## WHAT YOU SHOULD DO
Transcribe the following entries word for word; no picture is to appear in the copy.

----

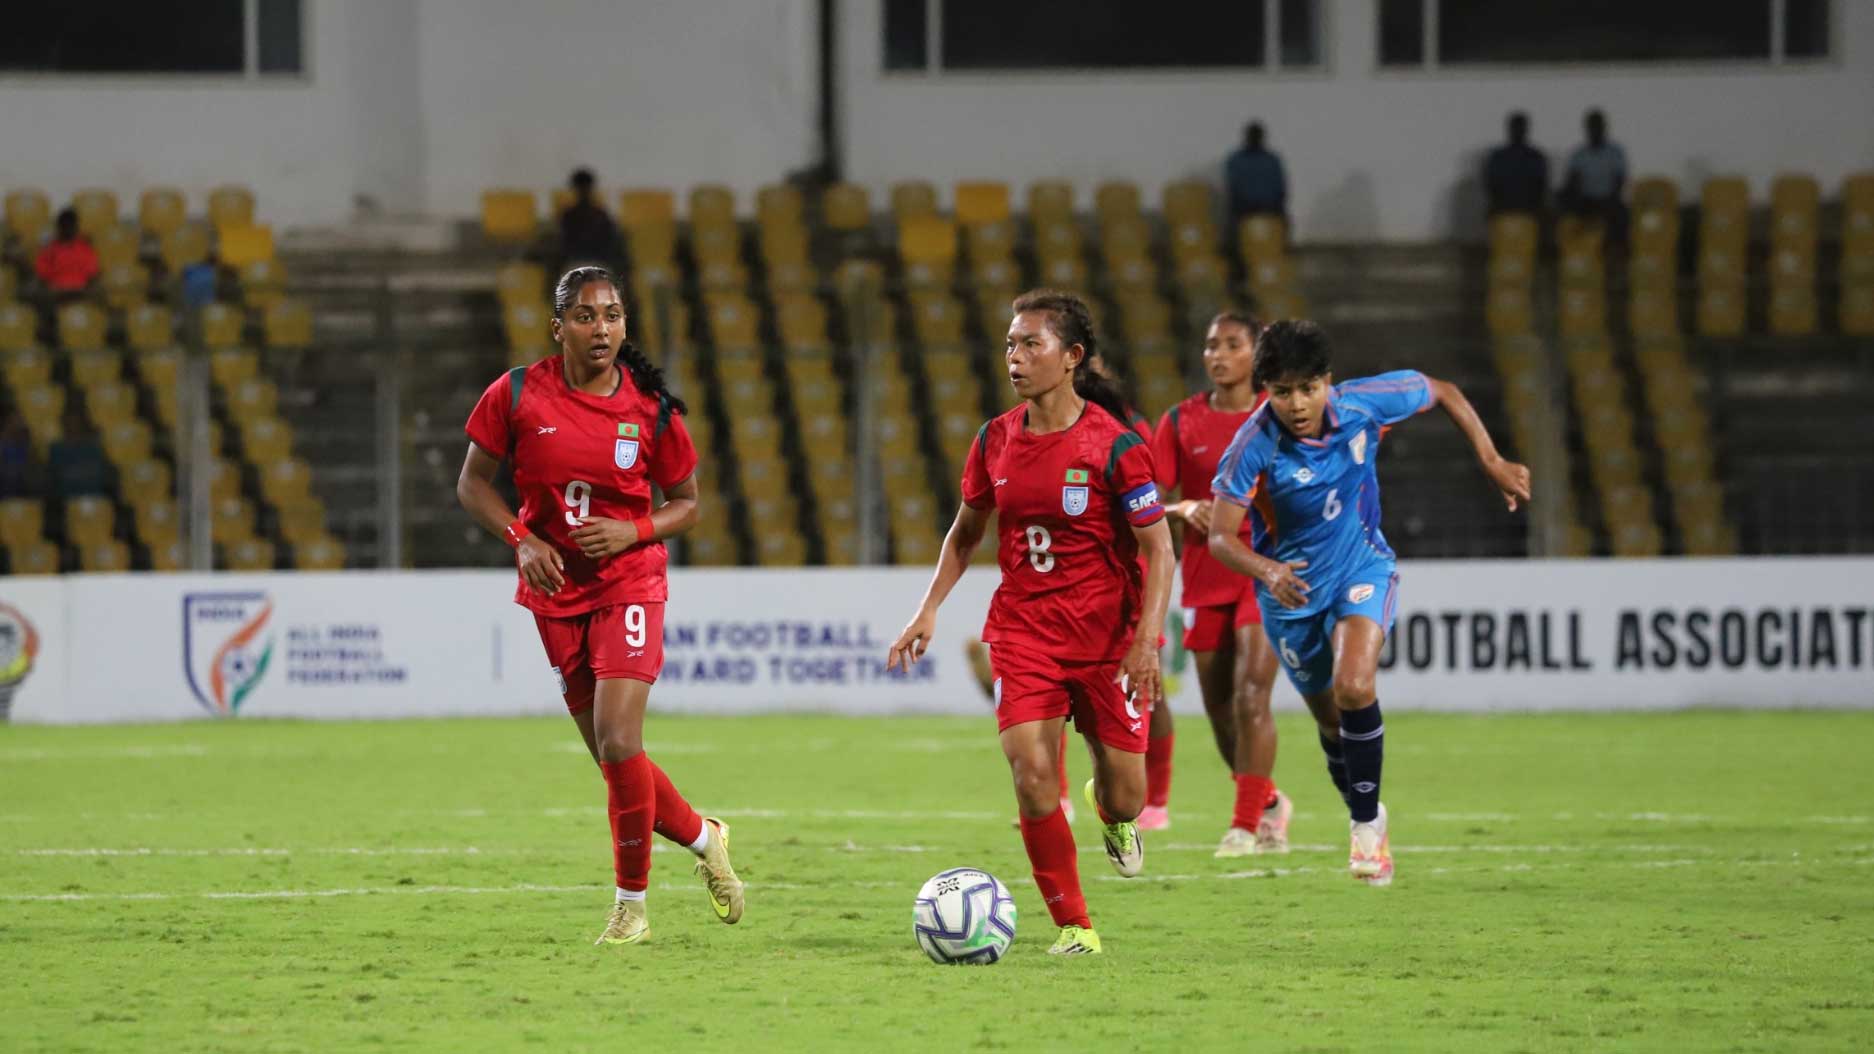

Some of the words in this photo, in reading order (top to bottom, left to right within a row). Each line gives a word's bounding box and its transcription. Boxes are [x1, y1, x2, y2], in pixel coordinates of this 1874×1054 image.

[564, 480, 592, 526] 9
[1322, 488, 1342, 521] 6
[1026, 525, 1055, 573] 8
[625, 604, 646, 648] 9
[1614, 610, 1874, 669] ASSOCIAT
[1279, 637, 1301, 670] 6

----

## RESULT FOR THIS EXERCISE
Some of the words in this photo, in reading order (top to bottom, left to right within a row). Each line gives a word's bounding box and its transcription. Boxes are [x1, y1, x2, y2], in pixel coordinates of this 1874×1054 image.

[564, 480, 592, 526] 9
[1322, 488, 1342, 521] 6
[1026, 525, 1055, 573] 8
[625, 604, 646, 648] 9
[1614, 610, 1874, 669] ASSOCIAT
[1279, 637, 1301, 670] 6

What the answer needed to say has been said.